WHAT YOU NEED TO DO.
Return the data in full, exactly as it was written.

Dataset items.
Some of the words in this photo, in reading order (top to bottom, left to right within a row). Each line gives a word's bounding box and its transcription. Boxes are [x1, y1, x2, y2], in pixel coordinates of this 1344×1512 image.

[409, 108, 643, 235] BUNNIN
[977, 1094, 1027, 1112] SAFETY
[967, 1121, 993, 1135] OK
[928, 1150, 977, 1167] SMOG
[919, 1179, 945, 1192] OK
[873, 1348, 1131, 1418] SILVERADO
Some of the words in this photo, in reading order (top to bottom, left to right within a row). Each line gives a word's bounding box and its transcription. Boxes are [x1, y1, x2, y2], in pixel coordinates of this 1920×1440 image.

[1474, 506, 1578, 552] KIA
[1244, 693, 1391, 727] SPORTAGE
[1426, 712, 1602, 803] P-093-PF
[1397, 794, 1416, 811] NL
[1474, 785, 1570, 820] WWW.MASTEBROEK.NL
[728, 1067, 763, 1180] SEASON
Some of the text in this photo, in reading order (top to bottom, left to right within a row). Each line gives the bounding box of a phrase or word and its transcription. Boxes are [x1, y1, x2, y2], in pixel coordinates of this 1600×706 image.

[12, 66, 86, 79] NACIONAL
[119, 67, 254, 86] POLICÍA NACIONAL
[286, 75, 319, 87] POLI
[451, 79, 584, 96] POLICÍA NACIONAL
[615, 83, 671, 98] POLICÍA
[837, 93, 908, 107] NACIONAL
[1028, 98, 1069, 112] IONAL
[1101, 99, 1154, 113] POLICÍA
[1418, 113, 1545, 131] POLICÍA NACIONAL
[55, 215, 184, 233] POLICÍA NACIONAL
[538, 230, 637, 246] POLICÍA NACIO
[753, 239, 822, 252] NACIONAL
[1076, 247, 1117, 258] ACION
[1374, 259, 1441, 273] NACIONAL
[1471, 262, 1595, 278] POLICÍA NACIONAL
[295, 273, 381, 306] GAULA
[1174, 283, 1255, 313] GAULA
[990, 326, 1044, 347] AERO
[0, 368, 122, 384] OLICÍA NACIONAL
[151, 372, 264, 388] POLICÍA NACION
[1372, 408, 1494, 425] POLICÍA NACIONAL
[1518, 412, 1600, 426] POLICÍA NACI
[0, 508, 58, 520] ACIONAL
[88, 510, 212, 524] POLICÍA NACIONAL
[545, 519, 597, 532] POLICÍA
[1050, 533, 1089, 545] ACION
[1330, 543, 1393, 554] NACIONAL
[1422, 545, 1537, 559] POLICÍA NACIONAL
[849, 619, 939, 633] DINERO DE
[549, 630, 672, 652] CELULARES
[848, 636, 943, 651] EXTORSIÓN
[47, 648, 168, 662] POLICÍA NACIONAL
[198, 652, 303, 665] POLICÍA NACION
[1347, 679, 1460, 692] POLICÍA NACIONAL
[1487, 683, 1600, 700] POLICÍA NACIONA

ANSWER TO THIS TASK.
Some of the words in this photo, in reading order (top to bottom, left to right within a row). Each line gives a word's bounding box and its transcription. Boxes are [x1, y1, x2, y2], in pixel coordinates of this 1344×1512 image.

[409, 108, 643, 235] BUNNIN
[977, 1094, 1027, 1112] SAFETY
[967, 1121, 993, 1135] OK
[928, 1150, 977, 1167] SMOG
[919, 1179, 945, 1192] OK
[873, 1348, 1131, 1418] SILVERADO
Some of the words in this photo, in reading order (top to bottom, left to right within a row). Each line gives a word's bounding box and its transcription. Boxes are [x1, y1, x2, y2], in pixel coordinates of this 1920×1440 image.

[1474, 506, 1578, 552] KIA
[1244, 693, 1391, 727] SPORTAGE
[1426, 712, 1602, 803] P-093-PF
[1397, 794, 1416, 811] NL
[1474, 785, 1570, 820] WWW.MASTEBROEK.NL
[728, 1067, 763, 1180] SEASON
Some of the text in this photo, in reading order (top to bottom, left to right within a row). Each line gives the bounding box of a phrase or word and its transcription. Boxes are [x1, y1, x2, y2], in pixel coordinates of this 1600×706 image.

[12, 66, 86, 79] NACIONAL
[119, 67, 254, 86] POLICÍA NACIONAL
[286, 75, 319, 87] POLI
[451, 79, 584, 96] POLICÍA NACIONAL
[615, 83, 671, 98] POLICÍA
[837, 93, 908, 107] NACIONAL
[1028, 98, 1069, 112] IONAL
[1101, 99, 1154, 113] POLICÍA
[1418, 113, 1545, 131] POLICÍA NACIONAL
[55, 215, 184, 233] POLICÍA NACIONAL
[538, 230, 637, 246] POLICÍA NACIO
[753, 239, 822, 252] NACIONAL
[1076, 247, 1117, 258] ACION
[1374, 259, 1441, 273] NACIONAL
[1471, 262, 1595, 278] POLICÍA NACIONAL
[295, 273, 381, 306] GAULA
[1174, 283, 1255, 313] GAULA
[990, 326, 1044, 347] AERO
[0, 368, 122, 384] OLICÍA NACIONAL
[151, 372, 264, 388] POLICÍA NACION
[1372, 408, 1494, 425] POLICÍA NACIONAL
[1518, 412, 1600, 426] POLICÍA NACI
[0, 508, 58, 520] ACIONAL
[88, 510, 212, 524] POLICÍA NACIONAL
[545, 519, 597, 532] POLICÍA
[1050, 533, 1089, 545] ACION
[1330, 543, 1393, 554] NACIONAL
[1422, 545, 1537, 559] POLICÍA NACIONAL
[849, 619, 939, 633] DINERO DE
[549, 630, 672, 652] CELULARES
[848, 636, 943, 651] EXTORSIÓN
[47, 648, 168, 662] POLICÍA NACIONAL
[198, 652, 303, 665] POLICÍA NACION
[1347, 679, 1460, 692] POLICÍA NACIONAL
[1487, 683, 1600, 700] POLICÍA NACIONA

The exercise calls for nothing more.